■ ABOUT THIS TASK
An exact transcription of all the records, free of pictures, is the expected answer.
[[ DATA RECORDS open ]]
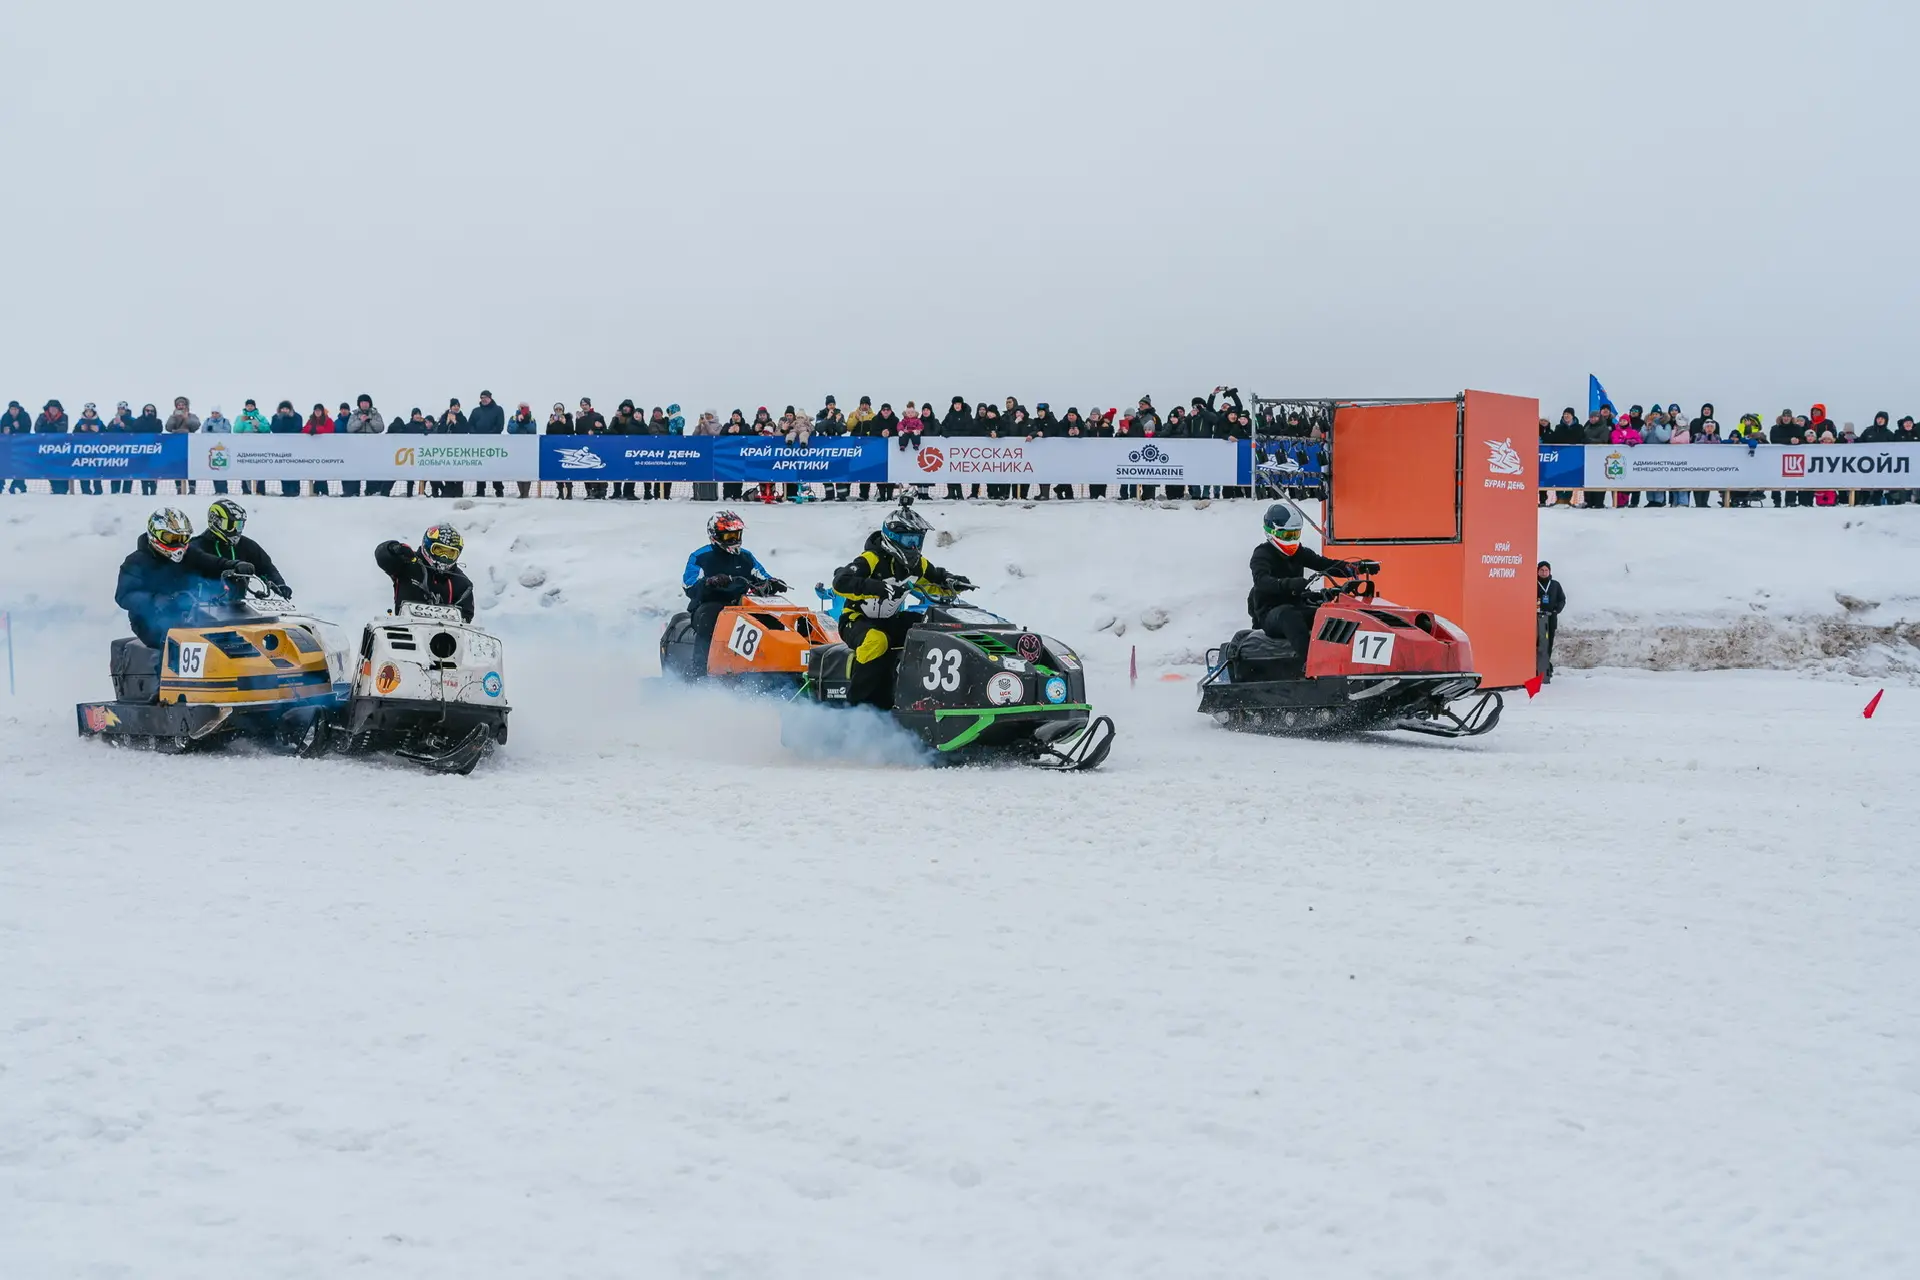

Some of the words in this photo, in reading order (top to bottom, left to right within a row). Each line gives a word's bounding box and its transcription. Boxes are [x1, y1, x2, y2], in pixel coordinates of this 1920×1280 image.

[39, 443, 71, 454] КРАЙ
[73, 443, 162, 454] ПОКОРИТЕЛЕЙ
[418, 447, 508, 458] ЗАРУБЕЖНЕФТЬ
[740, 445, 772, 457] КРАЙ
[774, 446, 862, 457] ПОКОРИТЕЛЕЙ
[949, 447, 1023, 459] РУССКАЯ
[625, 450, 664, 458] БУРАН
[668, 450, 700, 459] ДЕНЬ
[71, 457, 129, 467] АРКТИКИ
[772, 460, 829, 470] АРКТИКИ
[949, 461, 1034, 473] МЕХАНИКА
[1808, 452, 1910, 474] ЛУКОЙЛ
[1116, 467, 1184, 476] SNOWMARINE
[1484, 479, 1506, 489] БУРАН
[1507, 480, 1525, 490] ДЕНЬ
[1494, 541, 1511, 552] КРАЙ
[1481, 554, 1523, 565] ПОКОРИТЕЛЕЙ
[1488, 567, 1516, 578] АРКТИКИ
[735, 623, 758, 656] 18
[1358, 635, 1388, 660] 17
[181, 646, 202, 674] 95
[922, 648, 963, 692] 33
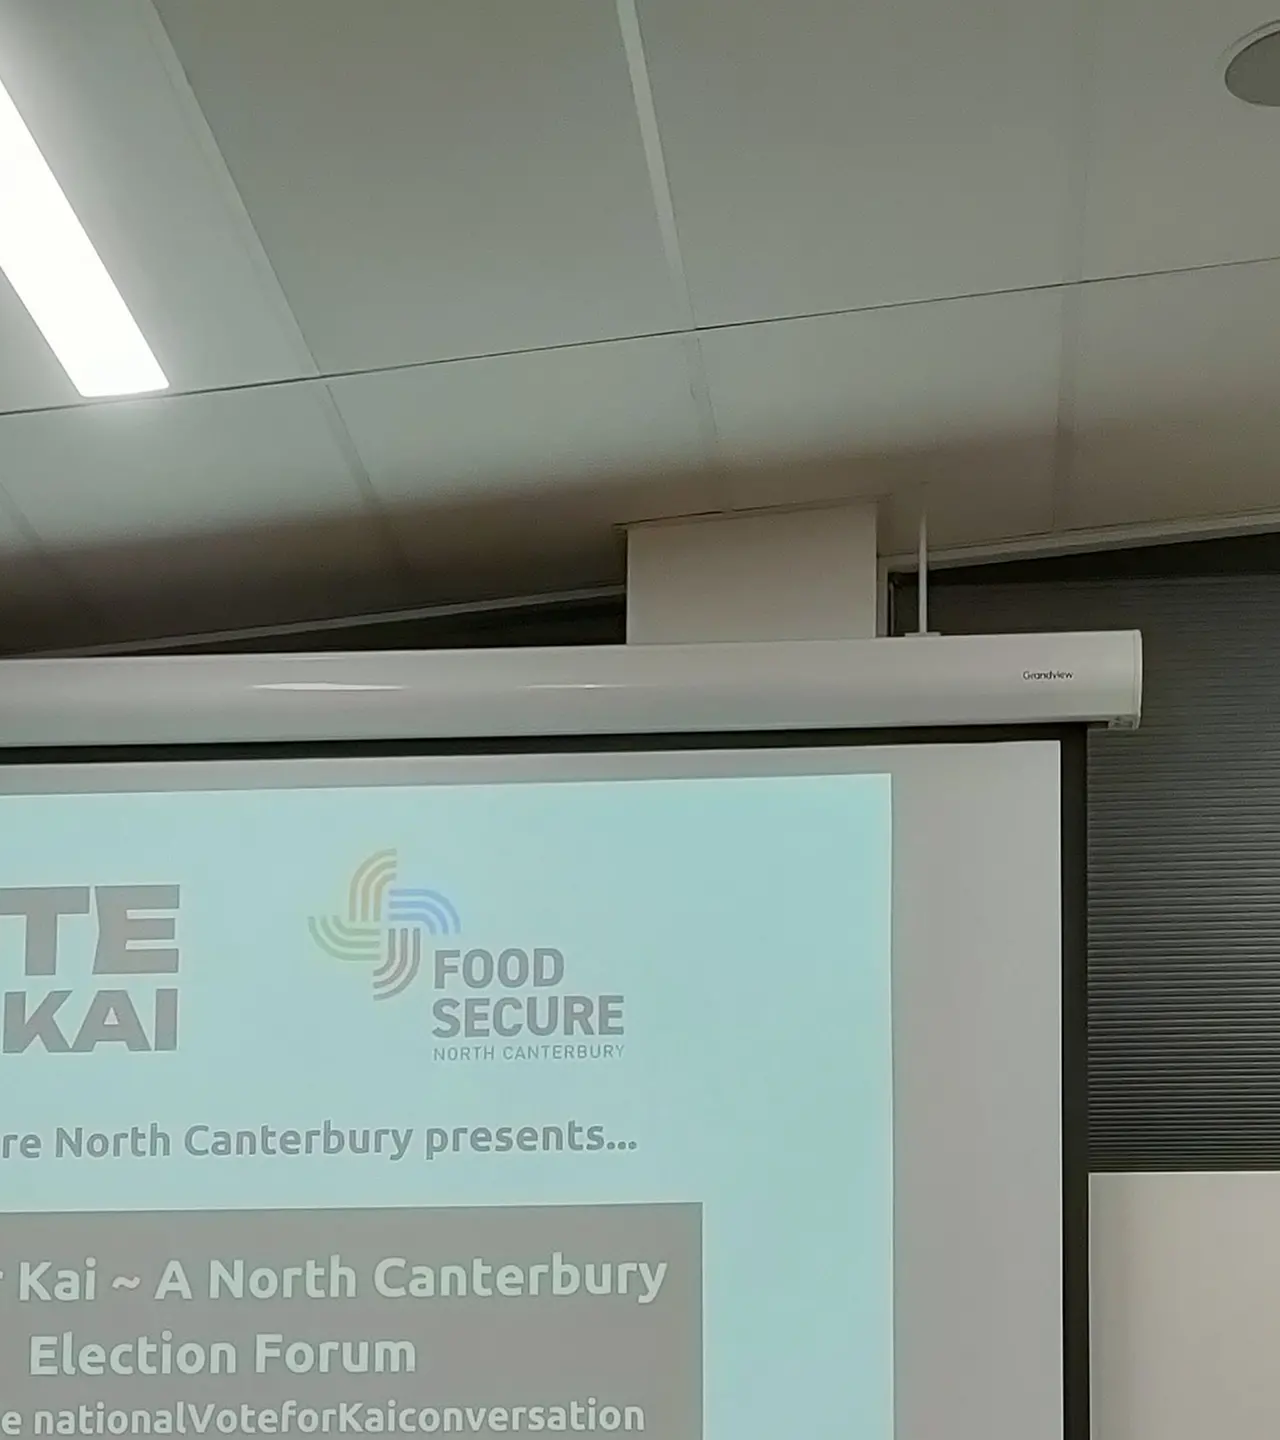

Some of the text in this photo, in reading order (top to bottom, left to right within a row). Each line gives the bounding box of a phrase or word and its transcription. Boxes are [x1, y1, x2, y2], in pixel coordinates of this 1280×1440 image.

[434, 947, 565, 990] FOOD
[2, 988, 178, 1054] KAI
[431, 994, 625, 1039] SECURE
[433, 1044, 625, 1061] NORTH CANTERBURY
[55, 1122, 171, 1158] North
[184, 1119, 414, 1161] Canterbury
[426, 1119, 637, 1161] presents...
[19, 1257, 96, 1301] Kai
[154, 1260, 193, 1300] A
[209, 1254, 356, 1299] North
[374, 1251, 668, 1304] Canterbury
[30, 1330, 416, 1375] Election Forum
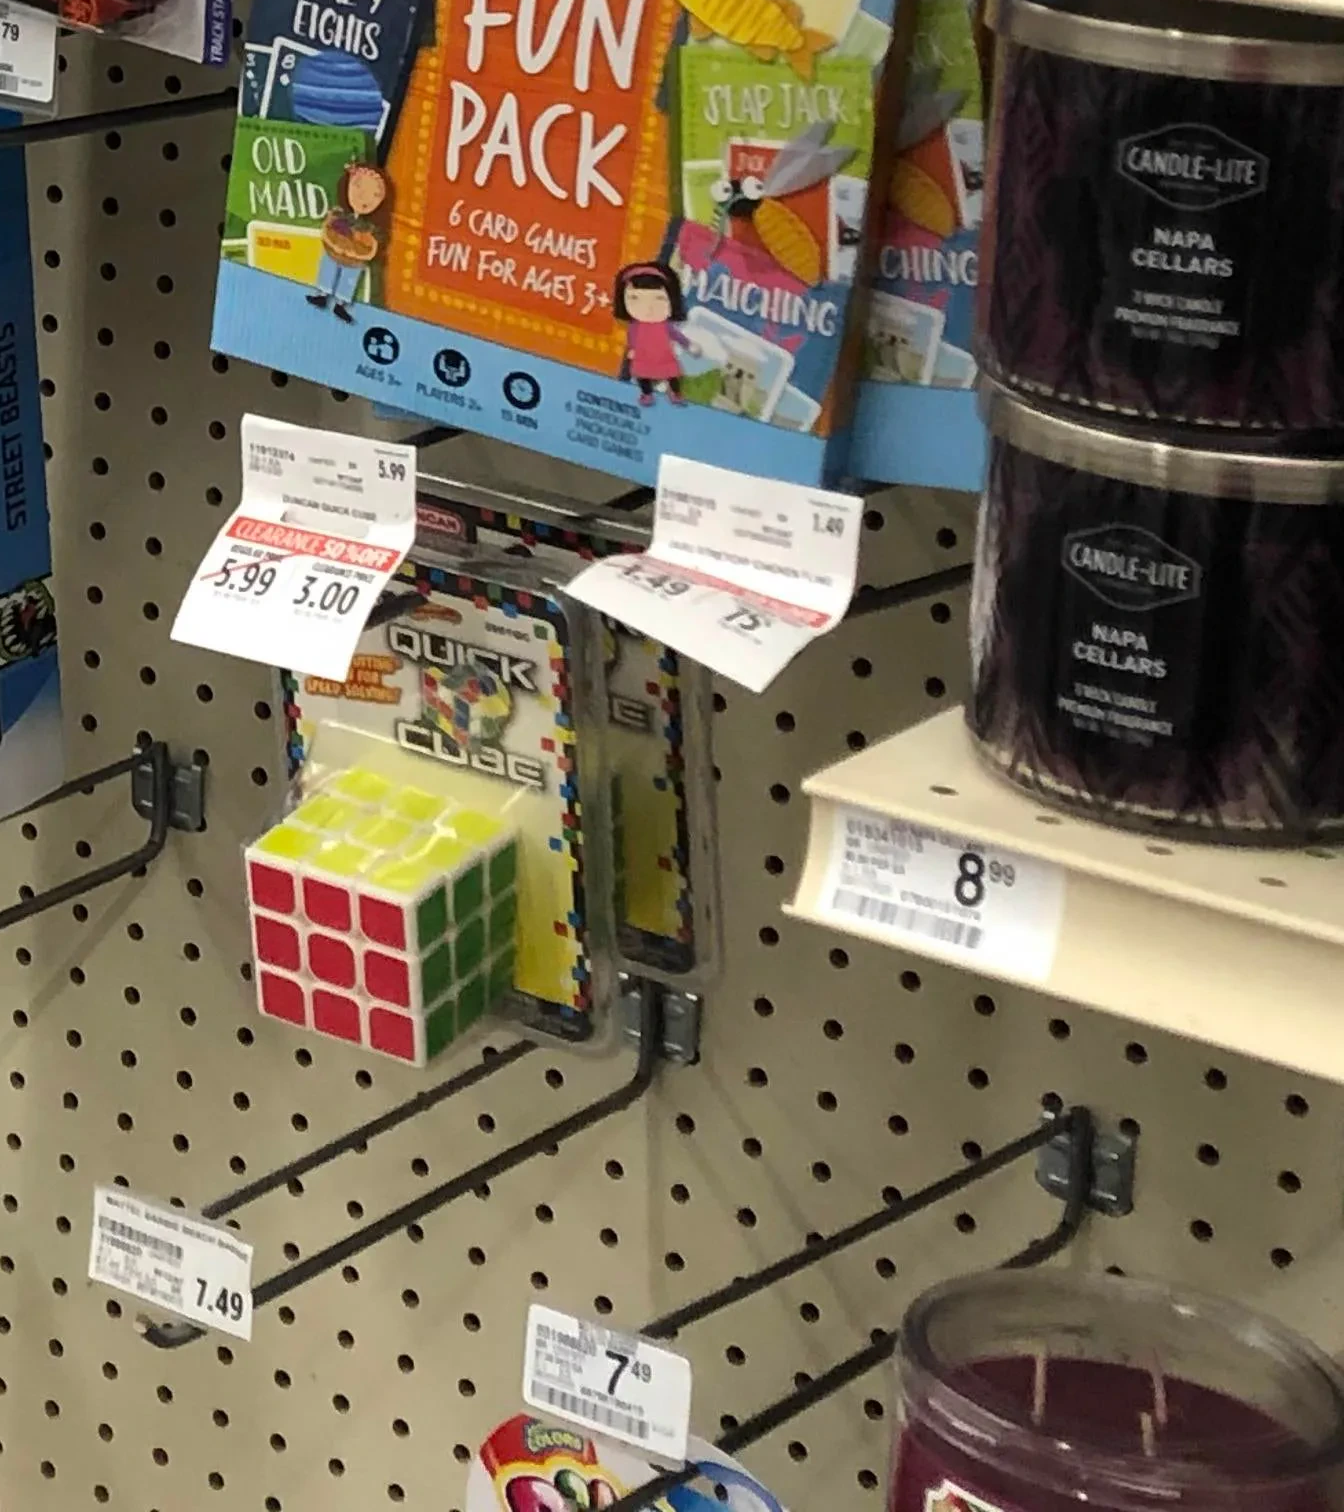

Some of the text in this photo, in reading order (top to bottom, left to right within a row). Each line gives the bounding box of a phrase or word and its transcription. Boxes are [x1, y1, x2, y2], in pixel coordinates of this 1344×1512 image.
[[ DATA RECORDS closed ]]
■ RESULT FOR THIS EXERCISE
Some of the words in this photo, in reading order (top to bottom, left to right within a row). Each line gives a word's bounding box and its transcription. Boxes are [x1, y1, x2, y2], in pixel coordinates of this 1920×1280 image.

[39, 443, 71, 454] КРАЙ
[73, 443, 162, 454] ПОКОРИТЕЛЕЙ
[418, 447, 508, 458] ЗАРУБЕЖНЕФТЬ
[740, 445, 772, 457] КРАЙ
[774, 446, 862, 457] ПОКОРИТЕЛЕЙ
[949, 447, 1023, 459] РУССКАЯ
[625, 450, 664, 458] БУРАН
[668, 450, 700, 459] ДЕНЬ
[71, 457, 129, 467] АРКТИКИ
[772, 460, 829, 470] АРКТИКИ
[949, 461, 1034, 473] МЕХАНИКА
[1808, 452, 1910, 474] ЛУКОЙЛ
[1116, 467, 1184, 476] SNOWMARINE
[1484, 479, 1506, 489] БУРАН
[1507, 480, 1525, 490] ДЕНЬ
[1494, 541, 1511, 552] КРАЙ
[1481, 554, 1523, 565] ПОКОРИТЕЛЕЙ
[1488, 567, 1516, 578] АРКТИКИ
[735, 623, 758, 656] 18
[1358, 635, 1388, 660] 17
[181, 646, 202, 674] 95
[922, 648, 963, 692] 33

Some of the text in this photo, in reading order (top to bottom, left to right within a row). Each line gives the bounding box of a phrase or word and its transcription. Boxes are [x1, y1, x2, y2], in pixel coordinates of this 1280×1440 image.

[434, 947, 565, 990] FOOD
[2, 988, 178, 1054] KAI
[431, 994, 625, 1039] SECURE
[433, 1044, 625, 1061] NORTH CANTERBURY
[55, 1122, 171, 1158] North
[184, 1119, 414, 1161] Canterbury
[426, 1119, 637, 1161] presents...
[19, 1257, 96, 1301] Kai
[154, 1260, 193, 1300] A
[209, 1254, 356, 1299] North
[374, 1251, 668, 1304] Canterbury
[30, 1330, 416, 1375] Election Forum

Some of the text in this photo, in reading order (top to bottom, left to right within a row). Each line gives the bounding box of a phrase or word and its transcription. Boxes are [x1, y1, x2, y2], in pixel coordinates of this 1344×1512 image.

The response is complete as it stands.